- Images for object localization:

◇ ◇ ◇ ◇

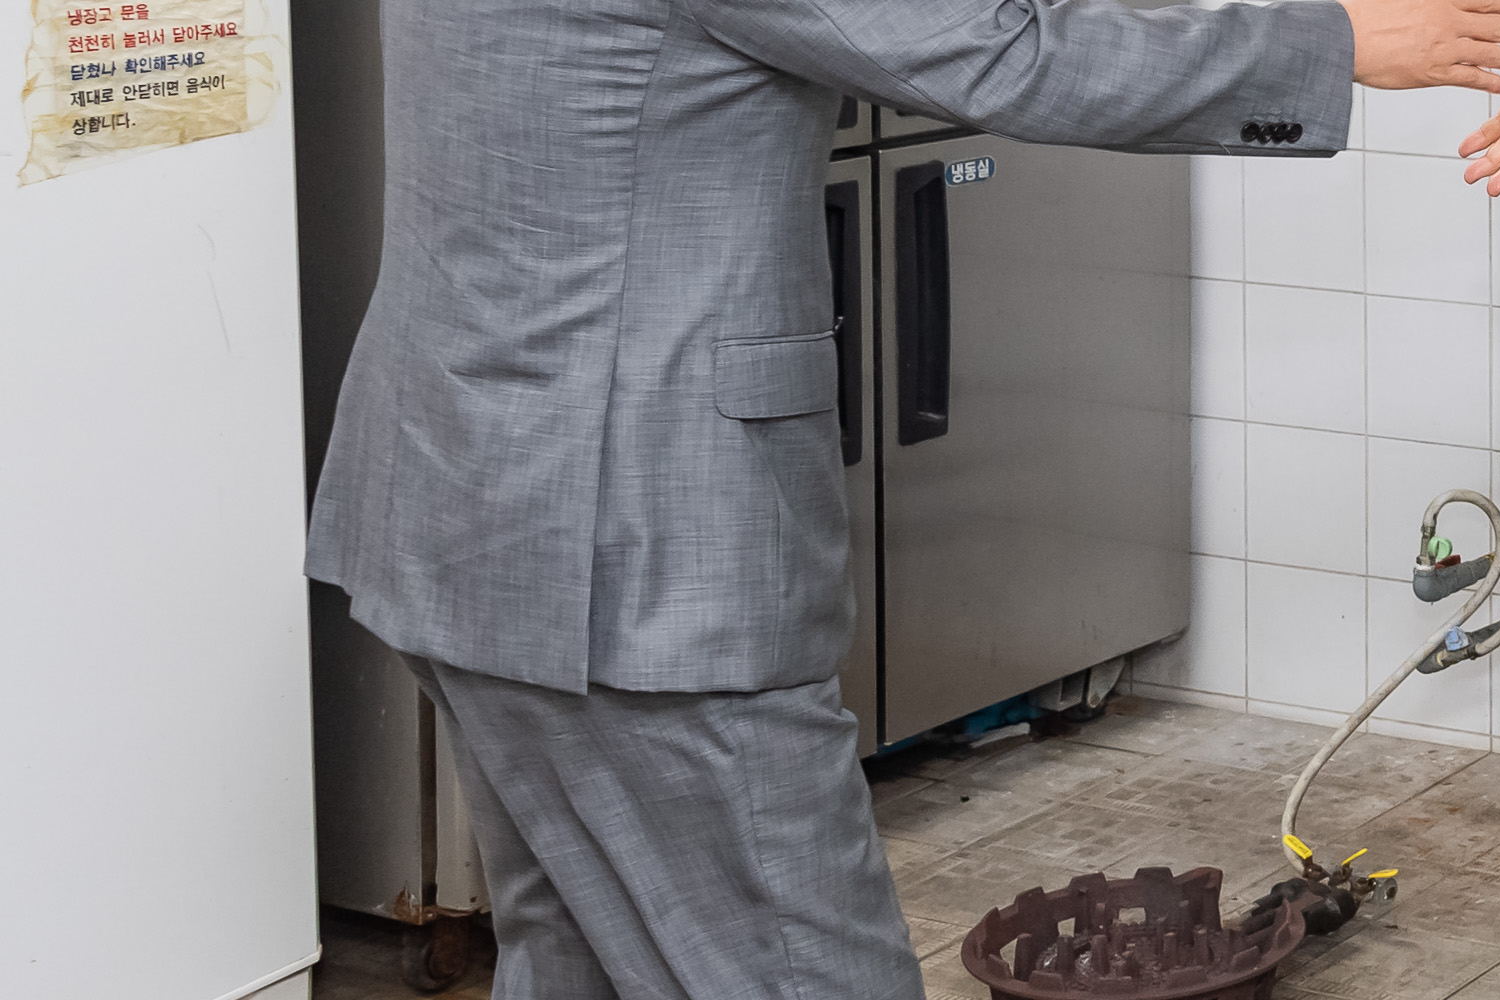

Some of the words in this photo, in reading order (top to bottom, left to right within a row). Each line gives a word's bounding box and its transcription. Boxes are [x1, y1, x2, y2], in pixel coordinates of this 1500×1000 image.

[67, 7, 113, 26] 냉장고
[120, 3, 149, 21] 문을
[68, 33, 115, 53] 천천히
[122, 28, 165, 48] 눌러서
[172, 21, 238, 43] 닫아주세요
[124, 51, 206, 74] 확인해주세요
[70, 87, 114, 107] 제대로
[122, 80, 179, 101] 안닫히면
[186, 74, 225, 94] 음식이
[71, 112, 136, 136] 상합니다.
[951, 158, 990, 184] 냉동실
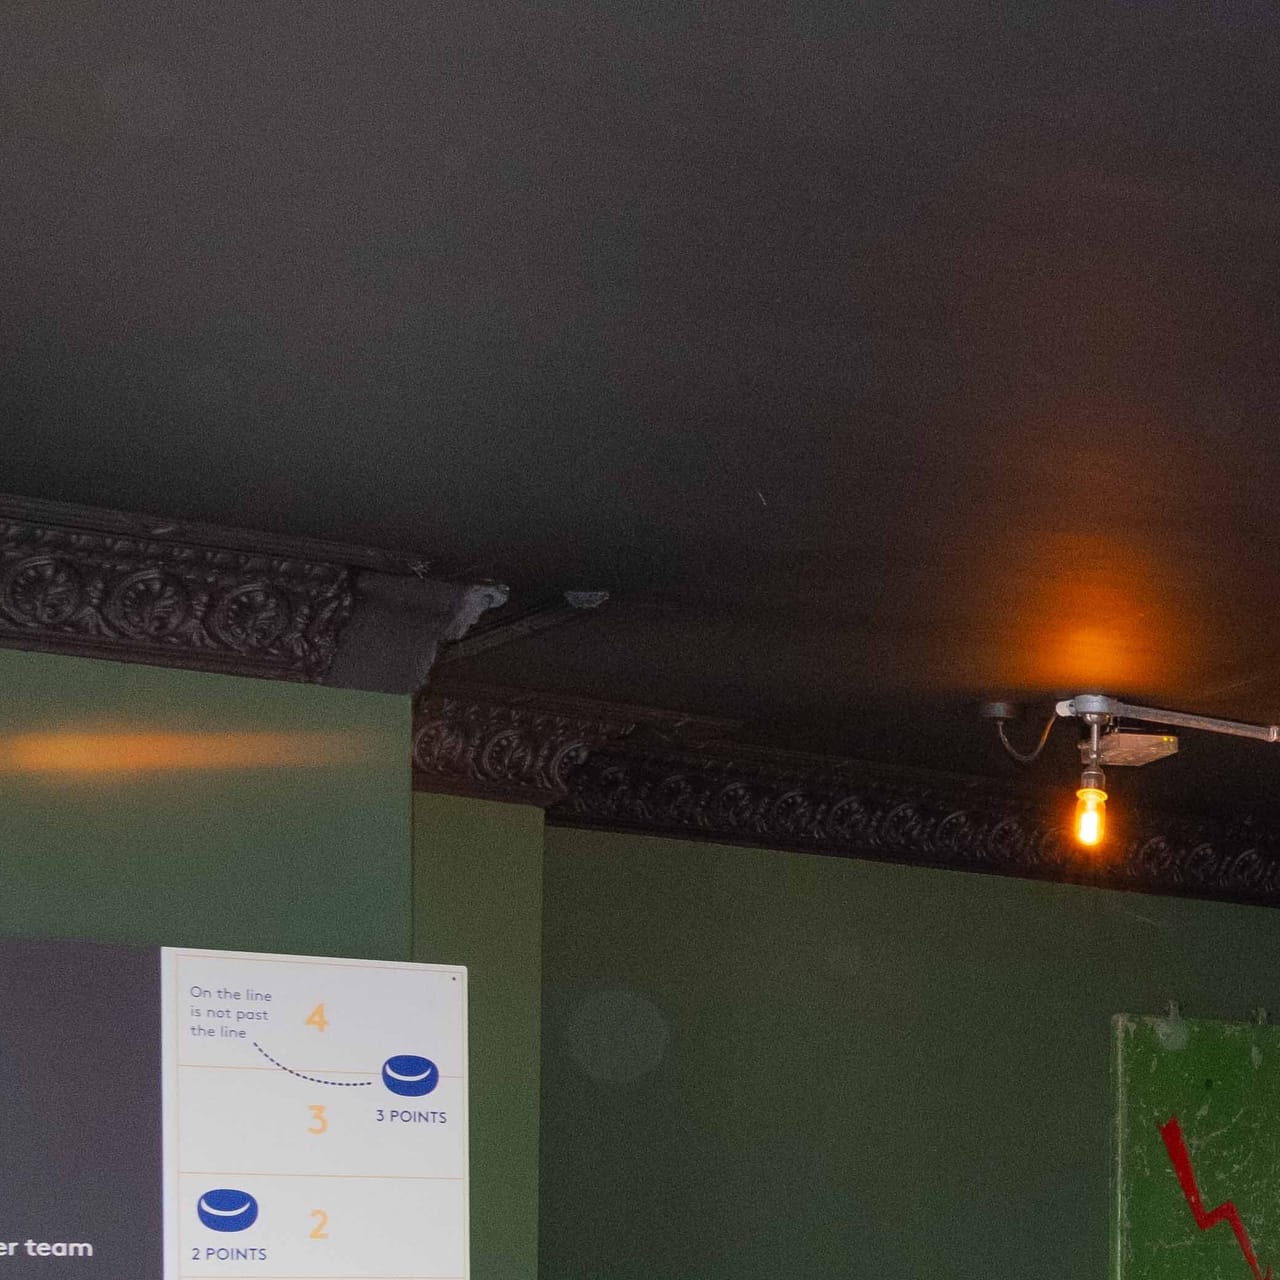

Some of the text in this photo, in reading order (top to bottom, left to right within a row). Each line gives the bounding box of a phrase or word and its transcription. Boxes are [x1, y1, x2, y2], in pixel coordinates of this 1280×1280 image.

◇ ◇ ◇ ◇

- WHAT YOU NEED TO DO:
Please give the data again unaltered, leaving out any images.

- SOLUTION TO THE PROBLEM:
Some of the words in this photo, in reading order (top to bottom, left to right within a row). Each line gives a word's bounding box and its transcription. Boxes are [x1, y1, x2, y2], in pixel coordinates of this 1500×1000 image.

[67, 7, 113, 26] 냉장고
[120, 3, 149, 21] 문을
[68, 33, 115, 53] 천천히
[122, 28, 165, 48] 눌러서
[172, 21, 238, 43] 닫아주세요
[124, 51, 206, 74] 확인해주세요
[70, 87, 114, 107] 제대로
[122, 80, 179, 101] 안닫히면
[186, 74, 225, 94] 음식이
[71, 112, 136, 136] 상합니다.
[951, 158, 990, 184] 냉동실

Some of the text in this photo, in reading order (top to bottom, left to right within a row). Each line gives the bounding box of a phrase or word and its transcription. Boxes are [x1, y1, x2, y2], in pixel coordinates of this 1280×1280 image.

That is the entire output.